The Trulli of Alberobello

 オリーブ畑が続く風景を電車の窓からぼんやり眺めていたら、一風変わった形の家屋が突然、視界に入った。白壁にとんがり屋根をのせた建物─初めて目にするトゥルッリだ。トゥルッリとは、この地方独特の工法で建てられた住居のこと。なんともユニークな形をしているなと思ったところに、似たような建物がポツポツと見え始めた。

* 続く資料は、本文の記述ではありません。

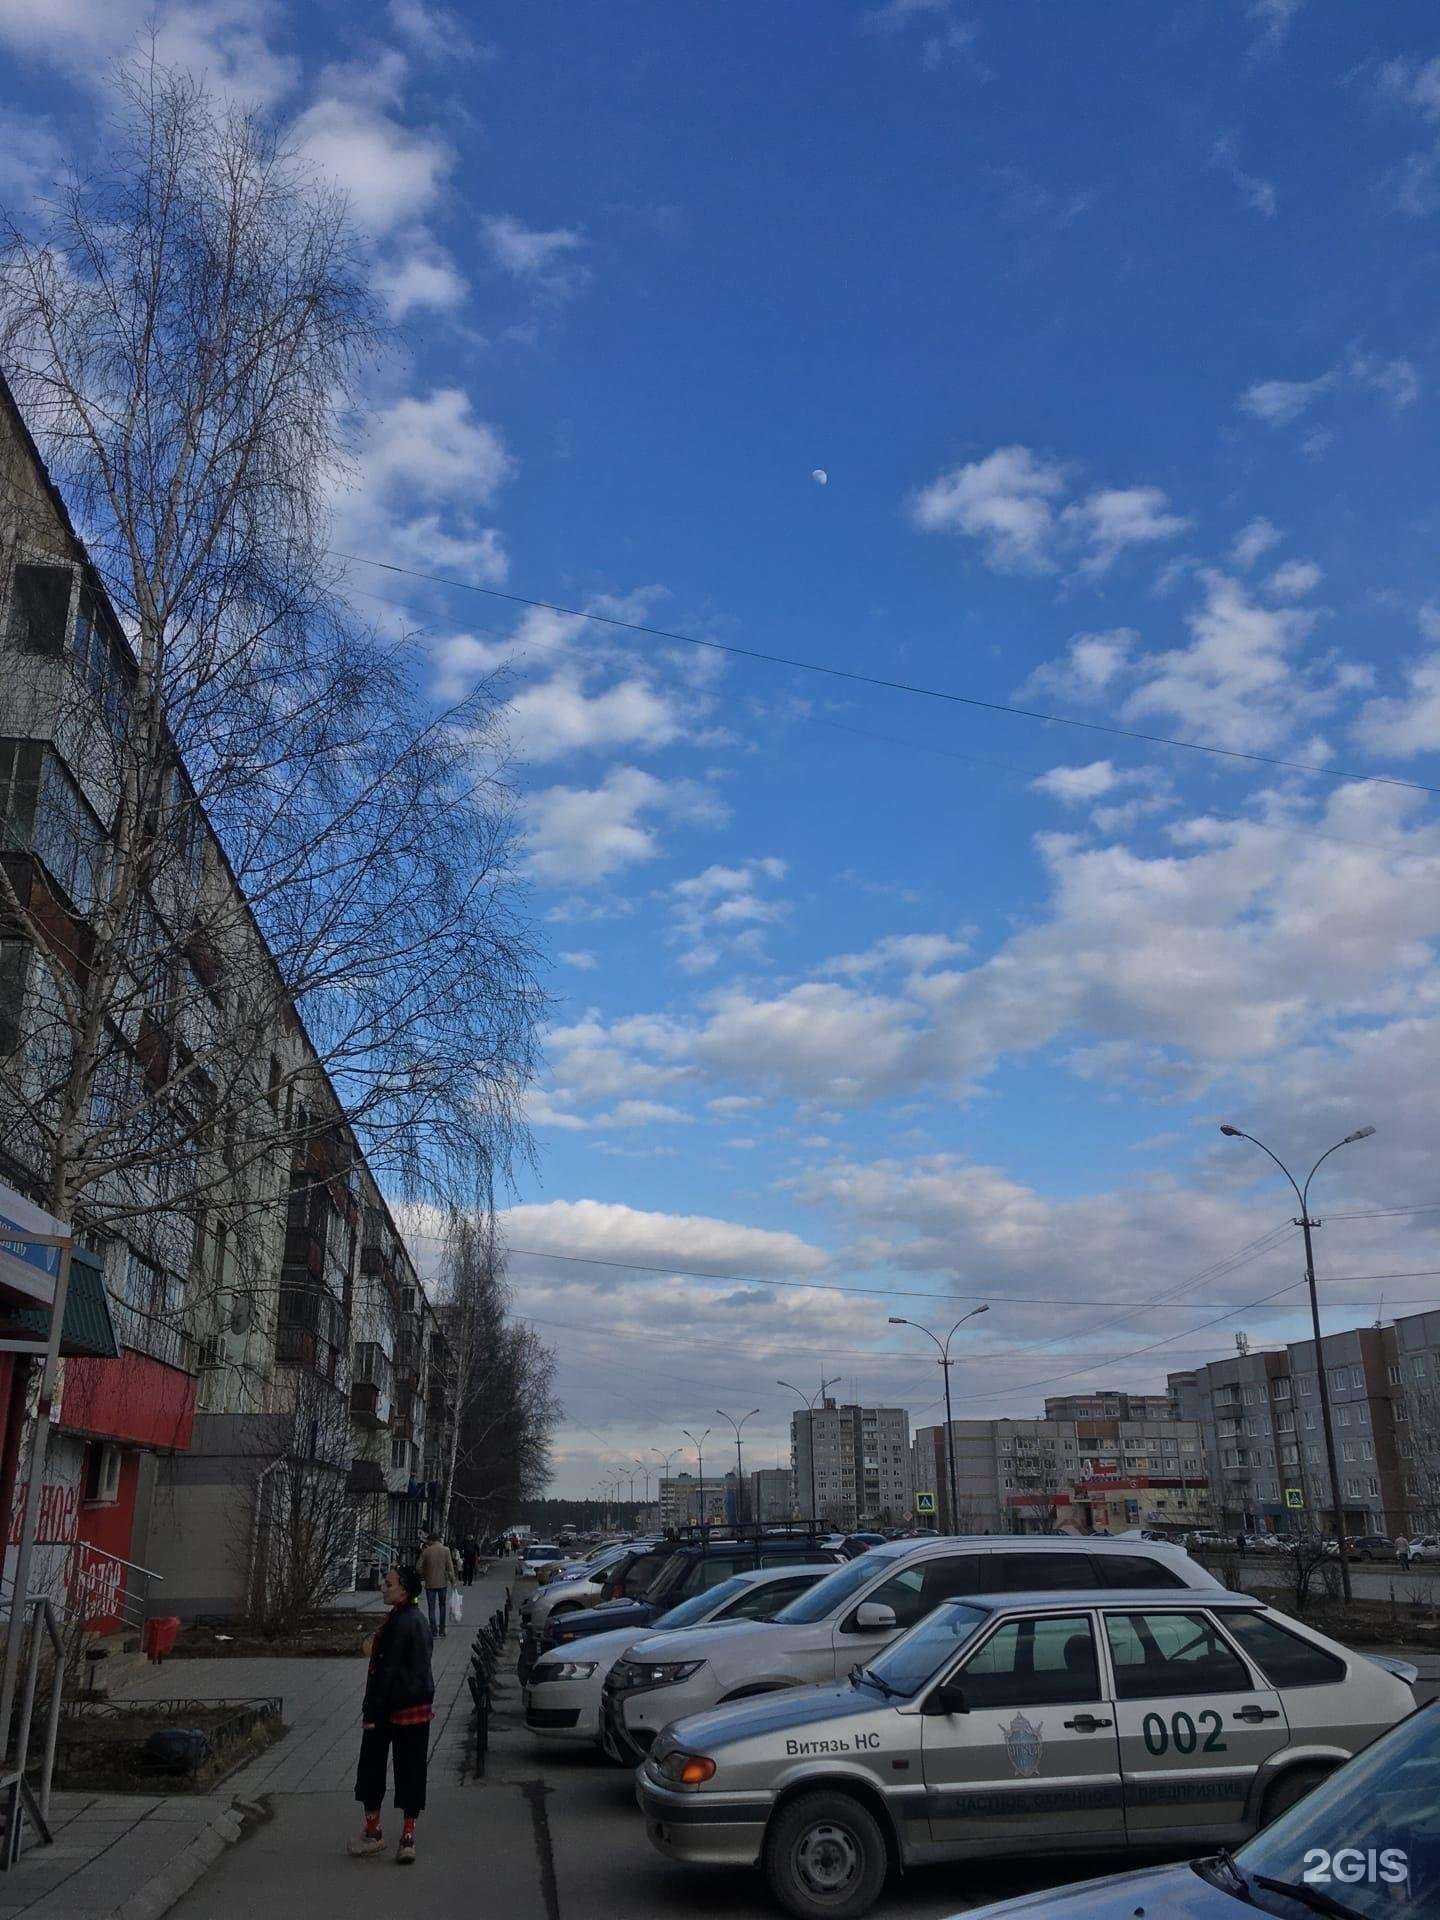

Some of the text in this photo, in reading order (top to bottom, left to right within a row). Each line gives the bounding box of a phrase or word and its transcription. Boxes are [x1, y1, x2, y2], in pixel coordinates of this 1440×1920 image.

 アルベロベッロの駅で列車を降りて大通りを歩き、広場の先の坂道を登り切ると、そこが観光客の集まるモンティ地区。目の前にトゥルッリがびっしりと並ぶ、迫力ある光景が広がっている。
 ここのトゥルッリの大半は、レストランや土産物屋に転用されている。観光地化が非難されることもあるけれど、そこにあるのは紛れもないトゥルッリだし、旅行者は食事だって摂らなければならない。商業化されたエリアだからこそ気安く歩き回れるということもある。もうひとつアルベロベッロにはいまも地元の人たちが暮らす地区があって、こちらには400あまりのトゥルッリが密集している。生活が営まれている場所だけに、昼下がりの路地裏には静けさが漂い、洗濯物が揺れていたりする。奥にはわたしたちと同じような悲喜交々の暮らしがあるのだろうが、そこまで踏み入ることはできない。

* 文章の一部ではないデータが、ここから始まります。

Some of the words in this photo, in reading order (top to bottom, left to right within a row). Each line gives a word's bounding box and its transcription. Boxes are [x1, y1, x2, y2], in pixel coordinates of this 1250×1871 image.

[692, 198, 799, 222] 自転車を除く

 トゥルッリのパノラマを一望できる場所を探していくつか高台に登ってみた。風変わりな建物がこれだけ林立する光景はさすがに浮世離れしていて、おとぎの国か、SF映画に出てくる谷間に隠れされた秘密の村か、といった様相である。屋根に描かれた星や十字をかたどったマークは、キリスト教以前、この一帯で信仰されていた原始宗教や魔術をシンボライズしたもの、という話を聞いてしまうと、そんな空想もいっそう掻き立てられる。

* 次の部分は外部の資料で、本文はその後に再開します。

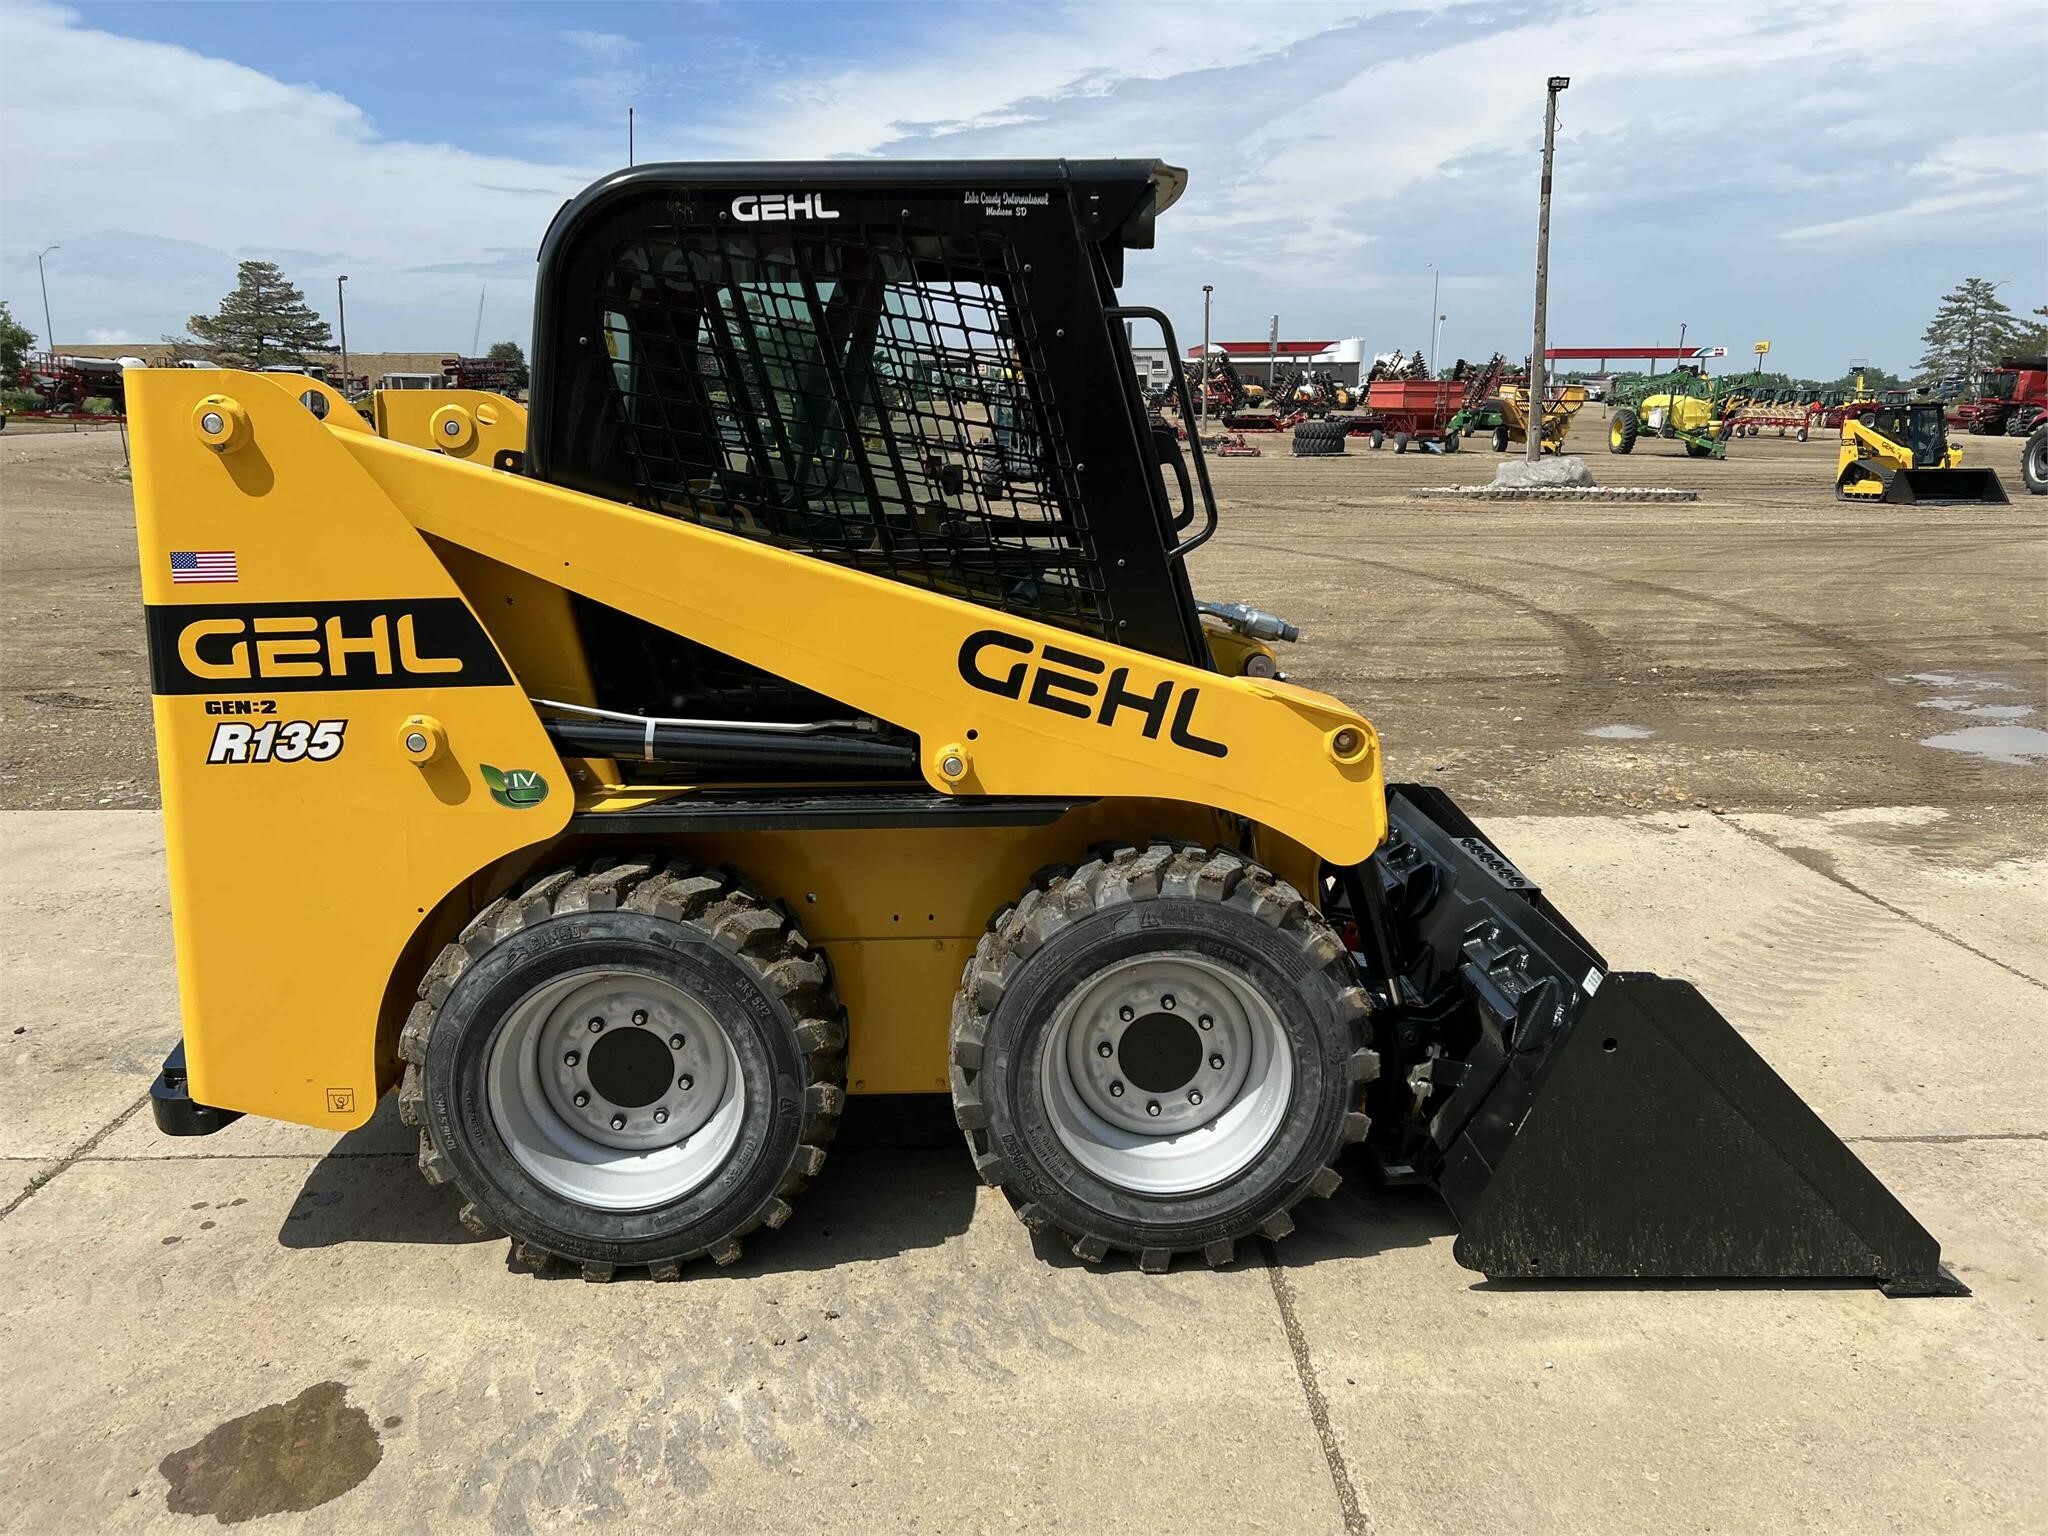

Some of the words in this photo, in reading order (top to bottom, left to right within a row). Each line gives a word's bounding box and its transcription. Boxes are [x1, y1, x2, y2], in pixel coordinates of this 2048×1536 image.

[731, 193, 840, 222] GEHL
[964, 191, 979, 204] Lake
[980, 191, 1001, 207] County
[1002, 191, 1049, 206] International
[1015, 207, 1027, 216] SD
[1881, 441, 1895, 454] GEHL
[177, 614, 463, 680] GEHL
[958, 629, 1228, 759] GEHL
[205, 700, 277, 715] GEN:2
[206, 719, 349, 765] R135
[513, 771, 537, 788] IV

 モンティ地区に戻って、一軒の土産物屋に入ってみた。ふと天井を見上げると、円錐状に石を積み上げて造ったとんがり屋根の構造がむき出しになっているではないか。トゥルッリの屋根は、モルタルなどの接合剤をいっさい使わず、単純にバランスを取りながら石を組んでいっただけのもの。要するに簡易屋根なわけで、バランスを壊せば崩れ落ちてしまう。なぜこんな特殊な構造の家が建てられたのか。国に対し不動産税を払いたくなかった時の領主が農民に「すぐに解体できる家」しか建てさせなかったため、という理由を知ると、メルヘン気分だけに浸ってもいられなくなる……。
 しかし、戦さが起これば屋根の石材は攻撃に使われる石つぶてになったという説もあったりするので、稀にみる変幻自在な住居ともいえるかもしれない。白壁で外気と遮断された室内がひんやりとして気持ちがいいのも、南イタリアの暑さに最適のつくりといえるのではないだろうか。この土地でしか生まれようがなかった建物。それがトゥルッリなのだ。
富井義夫




【所在地】
イタリア南部、プーリア州バーリ県に属し、トゥルッリと呼ばれるとんがり屋根の家々が1600軒余り残っている。

【アクセス】
バーリ中央駅に隣接するスッド・エスト駅から列車で約1時間30分。